Sunshine Park’s last years stood in stark contrast to its heyday, marred by health violations, unwelcoming neighbors, and accusations of bullying behavior by its then owner, psychologist Oliver York. The camp was abandoned, Hamilton Township foreclosed on the property for delinquent taxes, and in January 2007, the park’s banquet hall and several freestanding homes burned to the ground in a three-alarm fire. On July 29 this year, the township held a public auction of 30-plus acres of Sunshine Park, hoping to use the profits from the sale—minimum bid: $275,000—to ease Hamilton’s budget woes.
The absence of a replacement club or beach for Sunshine Park has forced Castello and his 60 Road Warriors to literally take their show on the road. The Road Warriors is a travel, or nonlanded, nudist club, which means it lacks a permanent home base and its members must travel to farther-flung nudist areas to practice their lifestyle. On different weekends, they’ll hit one of the three nudist parks in North Jersey or head down to one of the many options in Pennsylvania, most often the Sunny Rest Resort and Campground in Palmerton, where Castello runs the volleyball program.
The Road Warriors is primarily a nudist volleyball club, one of just two in the country (the other is located in southern California). “Volleyball was always the main sport at nudist clubs, though it has been dying off a little, with tennis taking over,” Castello explains. Though you don’t have to play volleyball to join the Road Warriors, most of its members—singles, couples and a few families, with the majority in their 50s, 60s and 70s—do compete.

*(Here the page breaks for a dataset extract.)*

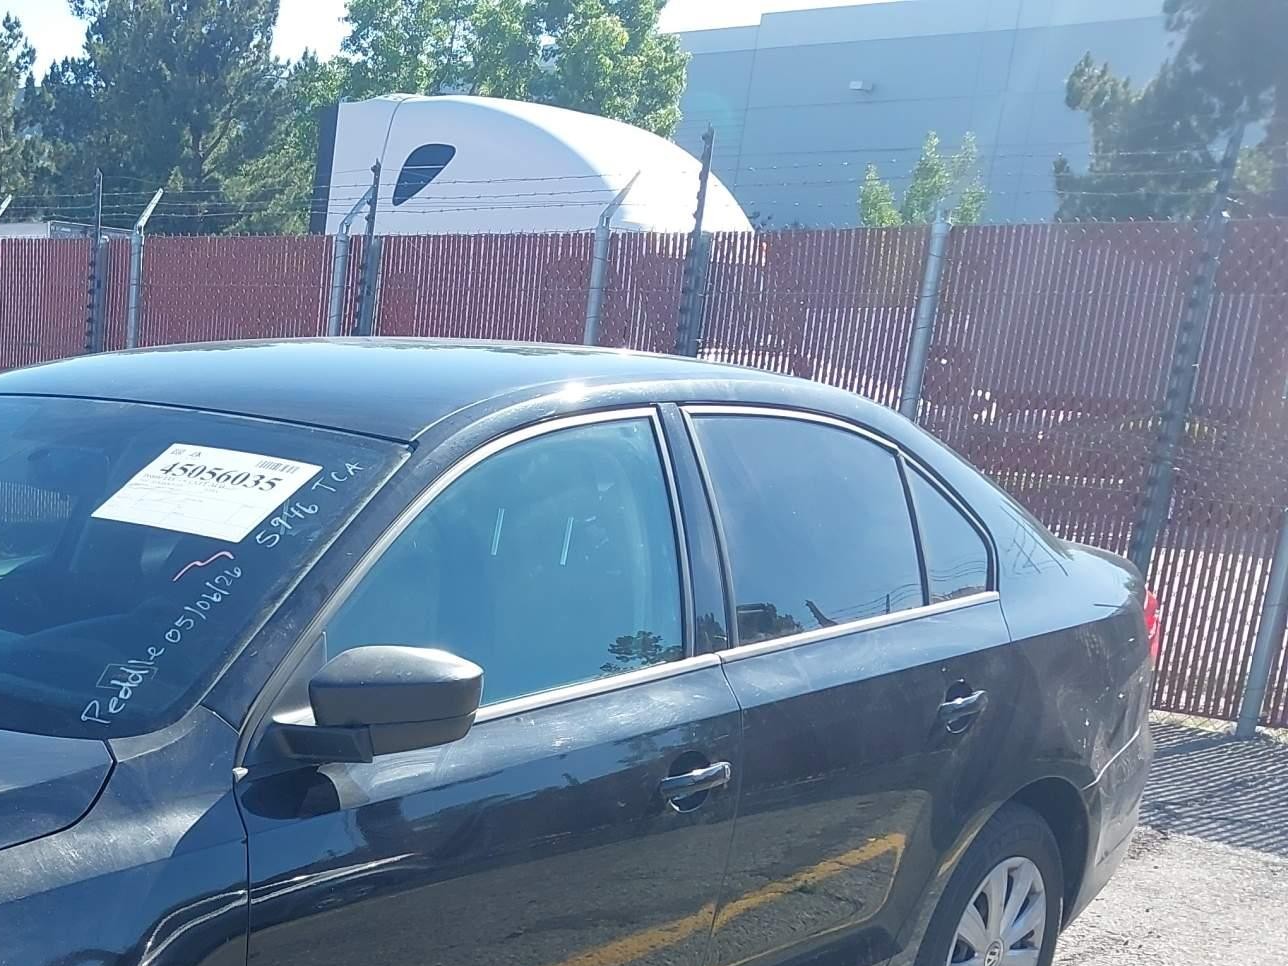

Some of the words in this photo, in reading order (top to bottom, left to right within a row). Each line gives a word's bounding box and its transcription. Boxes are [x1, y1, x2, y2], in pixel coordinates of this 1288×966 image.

[159, 462, 284, 492] 45056035
[165, 566, 243, 643] 05/06/26
[311, 461, 364, 492] TCA
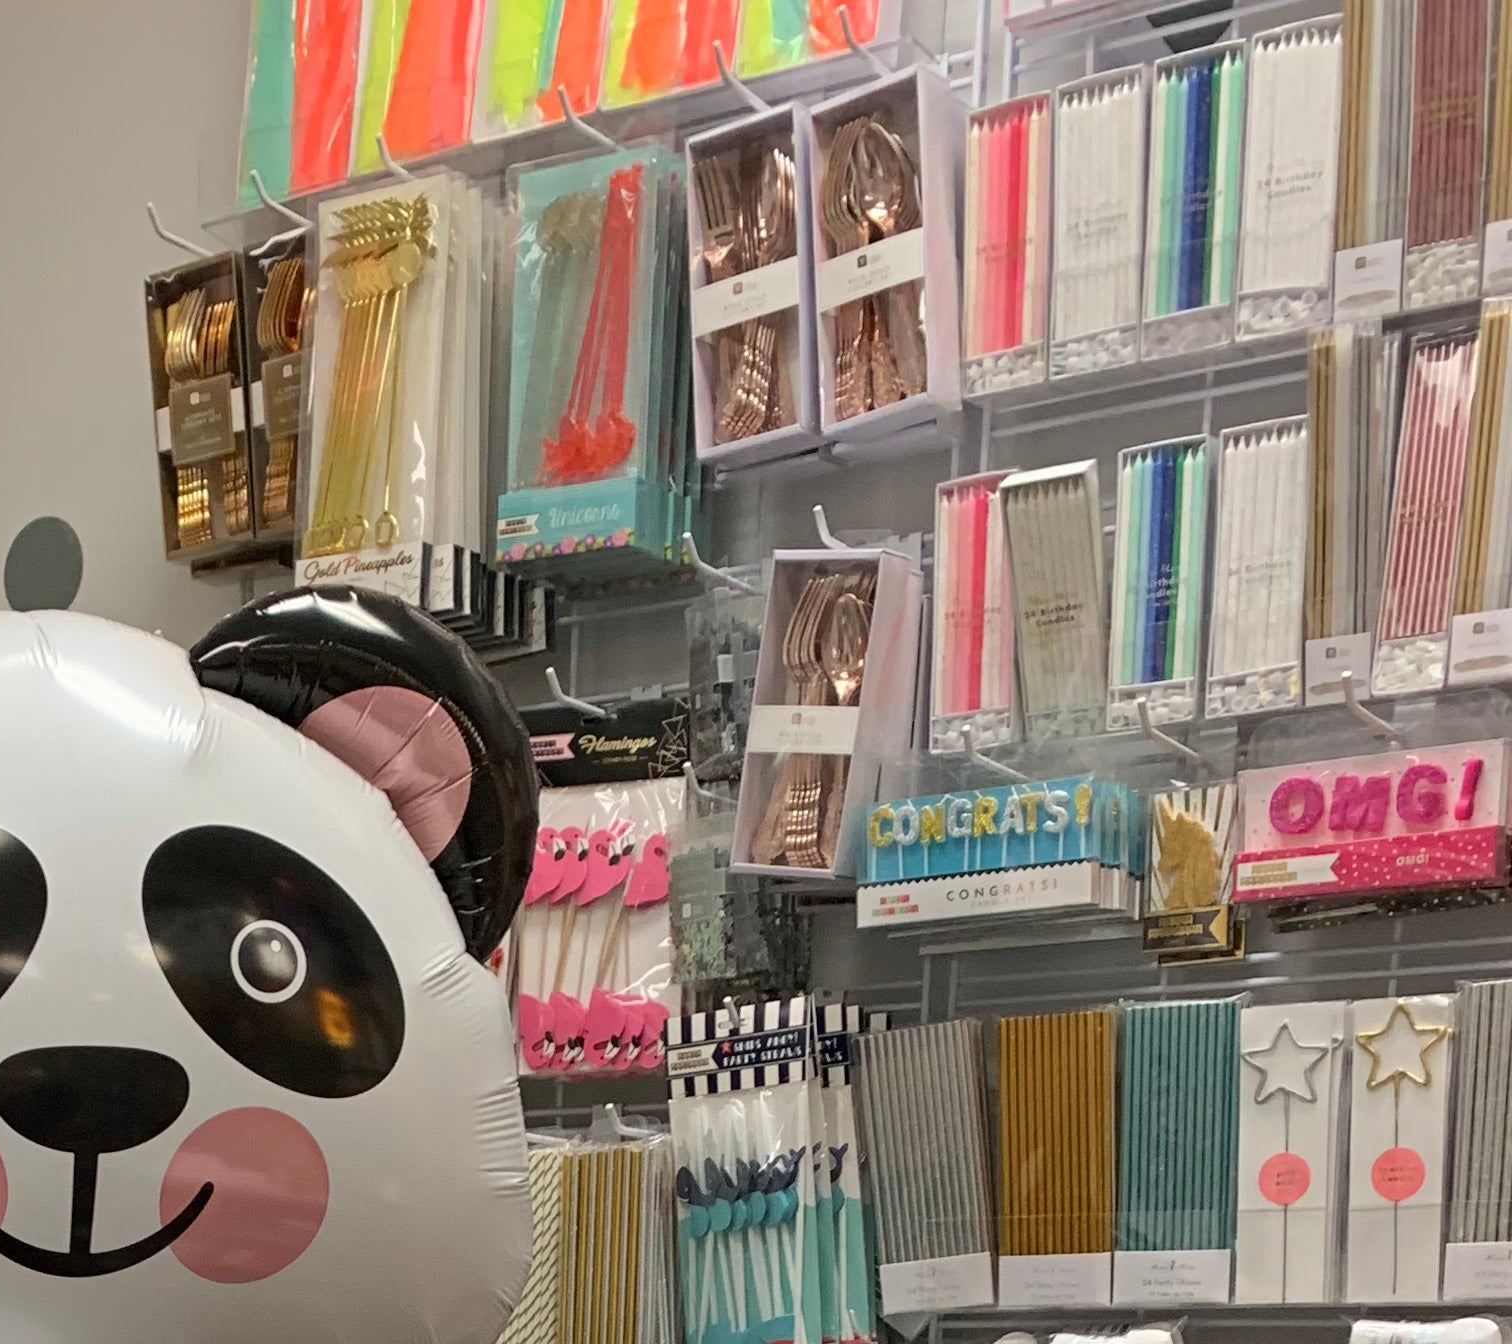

If you’re interested in going au naturel, the closest nude beach to South Jersey is Gunnison Beach, part of the Gateway International Recreation Area in Sandy Hook, a fully sanctioned clothing-optional beach staffed by National Park Service lifeguards. It acts as the playground for the 350 members of the Friends of Gunnison (FoG), the world’s largest nudist club, according to its president, Dale Distasio, a lifelong resident of Marlton who now lives down the shore. “Because there’s no place to get naked in South Jersey since Sunshine Park has gone the way of a lot of the old clubs, we find we get a lot of people from South Jersey and Pennsylvania, ” says Distasio. “This is a reachable area for them.”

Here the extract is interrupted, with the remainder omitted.